Insys has denied any responsibility and insists it shouldn’t be blamed for how doctors prescribe their products. The corporation is not currently facing criminal charges and is still selling Subsys — some $240 million worth of Subsys just last year. But the company is under investigation by various states across the country regarding how the “off-label” marketing campaign came to be the company business model..
KAPOOR ADDED TO PRIOR INSYS INDICTMENTS
Dr. Kapoor will appear in federal court in Phoenix Thursday, and will have to appear in federal court in Boston, where the indictments originated, at a later date. The indictment, unsealed today in Boston, also includes additional allegations against several former Insys executives and managers who were initially indicted in December 2016.
“In the midst of a nationwide opioid epidemic that has reached crisis proportions, Mr. Kapoor and his company stand accused of bribing doctors to overprescribe a potent opioid and committing fraud on insurance companies solely for profit,” said Acting United States Attorney William D. Weinreb of Massachusetts. “Today’s arrest and charges reflect our ongoing efforts to attack the opioid crisis from all angles. We must hold the industry and its leadership accountable.”
Subsys, a fentanyl sublingual spray from Insys Therapeutics
“As alleged, these executives created a corporate culture at Insys that utilized deception and bribery as an acceptable business practice, deceiving patients, and conspiring with doctors and insurers,” said Harold H. Shaw, Special Agent in Charge of the Federal Bureau of Investigation, Boston Field Division. “The allegations of selling a highly addictive opioid cancer pain drug to patients who did not have cancer, make them no better than street-level drug dealers.”
Brian Kelly, a lawyer for Kapoor, said, “My client is innocent and he intends to fight these charges vigorously.”

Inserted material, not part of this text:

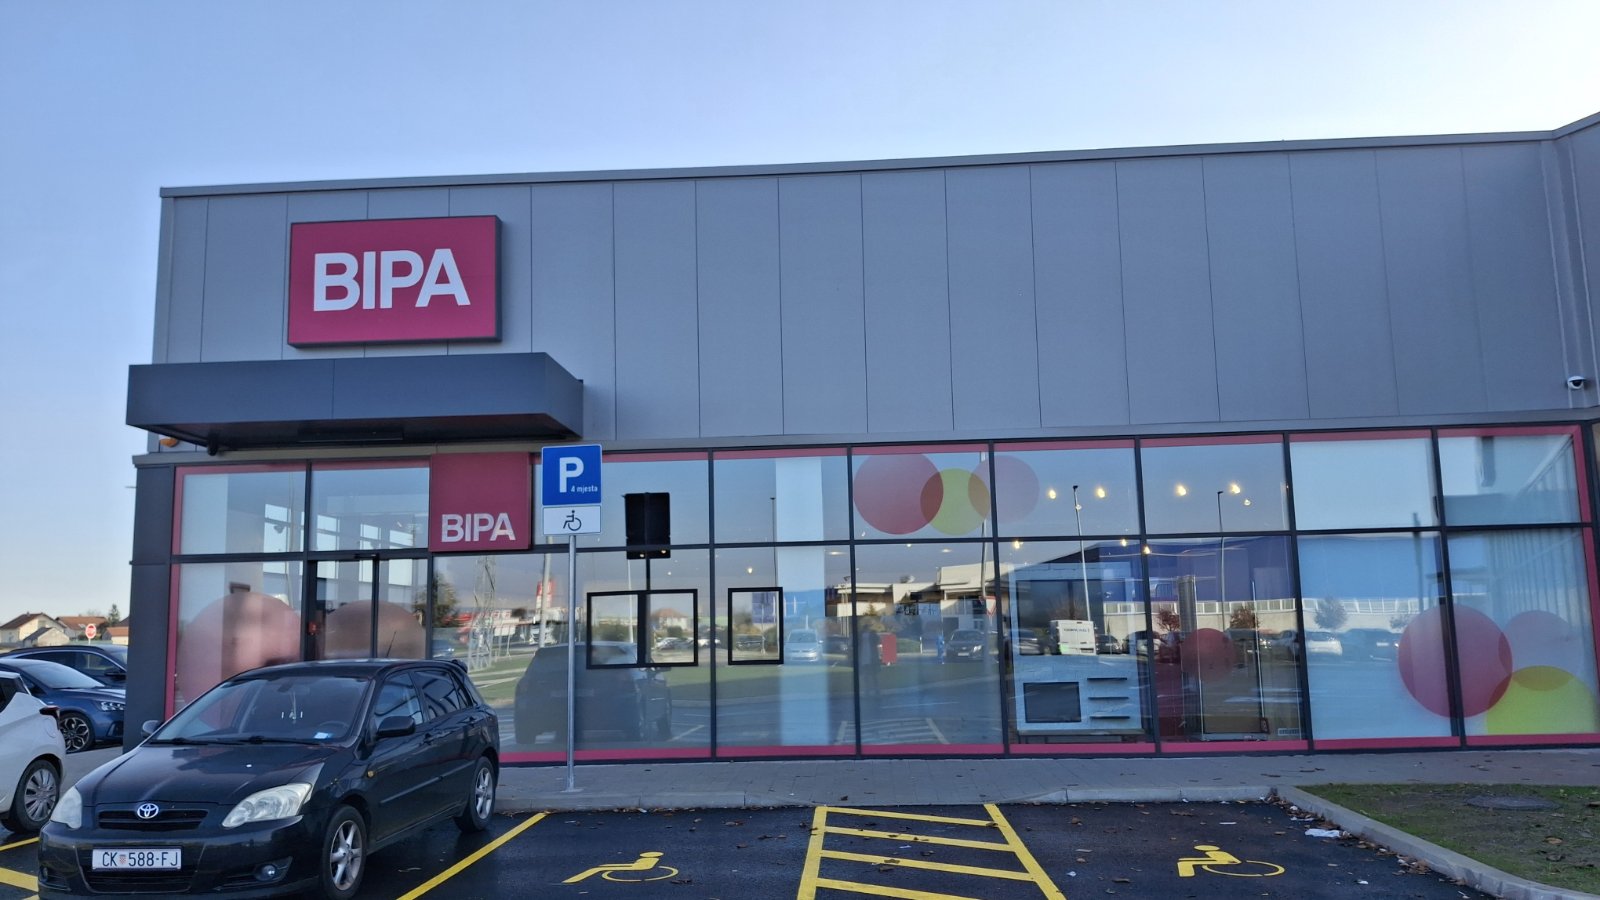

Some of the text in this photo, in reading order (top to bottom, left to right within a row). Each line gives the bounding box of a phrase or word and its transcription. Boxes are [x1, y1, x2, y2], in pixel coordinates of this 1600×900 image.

In response to an early 2017 investigation, Insys stated that charges against individuals discussed in the media related to “previously disclosed investigations and litigation and Insys continues to cooperate with all relevant authorities in its ongoing investigations, including our federal investigation which began in and around December 2013.”
“We are committed to complying with laws and regulations that govern the promotion of our products and all other business practices. We continue to emphasize ethical behavior within our organization and pursue opportunities to illustrate that our company’s mission is to put patients first.”
The October 26, 2017 indictments were the first naming John Kapoor, but also include enhanced charges against the entire executive board of Insys Therapeutics, Inc. who were already facing long prison sentences and financial penalties in one of the most far reaching and aggressive US Department of Justice investigations into the root cause of the “Opioid Crisis” that is gripping all areas of the United States.